This generation function is where the magic happens! After all that training, our model can now create text one token at a time. The process works like this:

We start with a prompt (e.g., “Once upon a time”)
For each step, the model predicts probabilities for all possible next tokens
We apply “sampling strategies” to select the next token:

Temperature: Controls randomness (higher = more creative but potentially less coherent)
Top-k: Only consider the k most likely tokens
Top-p/nucleus sampling: Only consider tokens covering p% of the probability mass

When we run this generation with a temperature of 0.8, we get a nice balance between creativity and coherence.

When we run the function, we’ll see a progress bar as tokens are generated:

Generating: 100%|██████████| 100/100 [00:04<00:00, 22.73it/s]

2. Sample Generated Outputs

Here are some sample outputs from our trained Mini-GPT:

Prompt 1: “Once upon a time, in a land far away,”

Generated output:

Once upon a time, in a land far away, there lived a young prince named Elian. He was known throughout the kingdom for his wisdom and kindness.
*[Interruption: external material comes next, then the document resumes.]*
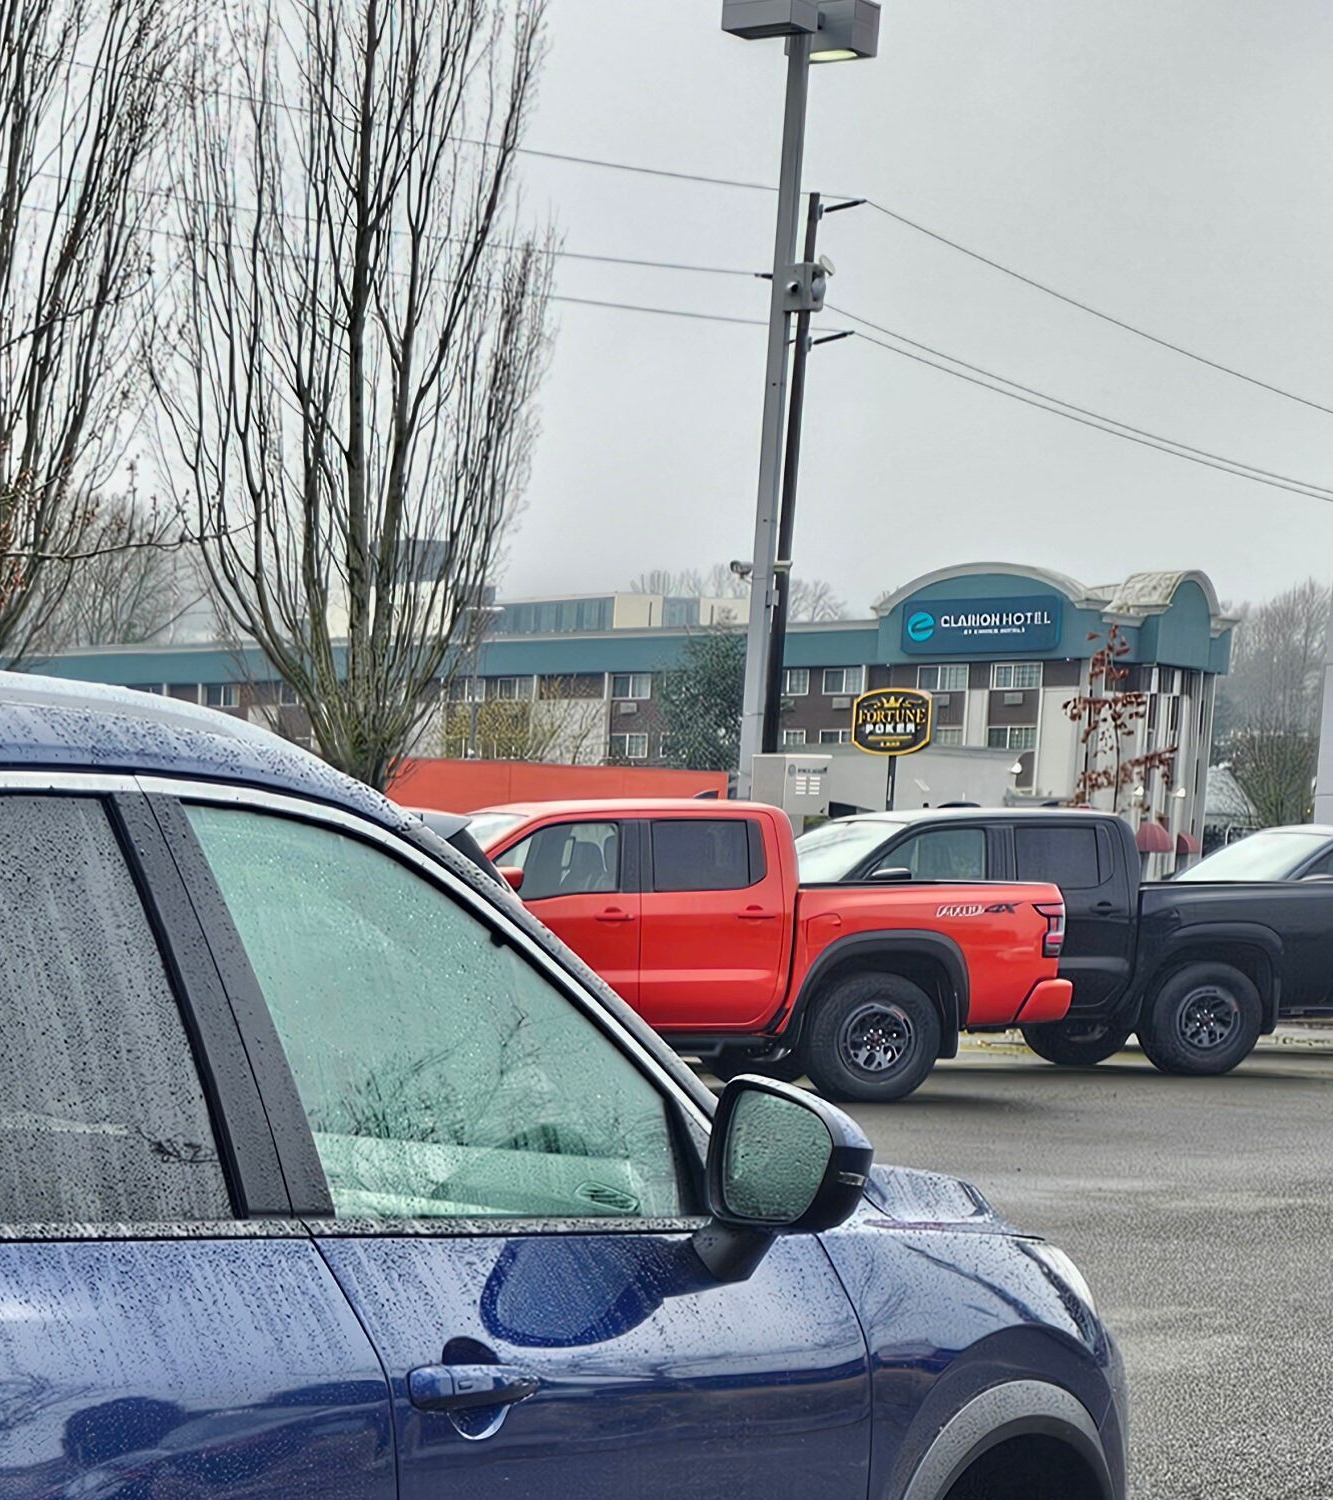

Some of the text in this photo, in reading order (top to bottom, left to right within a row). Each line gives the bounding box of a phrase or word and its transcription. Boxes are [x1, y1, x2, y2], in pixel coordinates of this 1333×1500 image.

[940, 611, 1051, 628] CLARION HOTEL
[858, 708, 926, 724] FORTUNE
[865, 722, 915, 734] POKER
One day, while wandering through the enchanted forest, he encountered a mysterious old woman who offered him a golden apple.

"Take this apple," she said, "but be warned - it will reveal your true destiny."

The prince hesitated, but curiosity overcame him. He accepted the apple and took a bite...

Prompt 2: “The future of artificial intelligence depends on”

Generated:

The future of artificial intelligence depends on our ability to create systems that can understand context and nuance. Current models have impressive capabilities but struggle with common sense reasoning and true understanding.

Researchers are focusing on developing more robust training methodologies that incorporate ethical considerations and reduce biases. The field is moving toward models that can explain their decisions and collaborate effectively with humans.

The next breakthrough may come from...

Notice how the model generates coherent text that flows naturally from the prompt. It’s not perfect – it might occasionally produce repetitive phrases or factual inaccuracies – but it demonstrates a remarkable understanding of language patterns and context.

3. Visualizing the Generation Process

Let’s visualize how the model’s attention patterns work during generation:

def visualize_generation_attention(model, tokenizer, prompt, num_tokens=5):
    """Visualize attention during text generation."""
    model.eval()
    input_ids = torch.tensor(tokenizer.encode(prompt)).unsqueeze(0).to(device)

    # Setup visualization
    plt.figure(figsize=(15, 5*num_tokens))

    # Store generated tokens
    generated = []

    with torch.no_grad():
        for i in range(num_tokens):
            # Forward pass
            logits = model(input_ids)

            # Get next token
            next_token_logits = logits[0, -1, :]
            next_token = torch.argmax(next_token_logits)
            generated.append(next_token.item())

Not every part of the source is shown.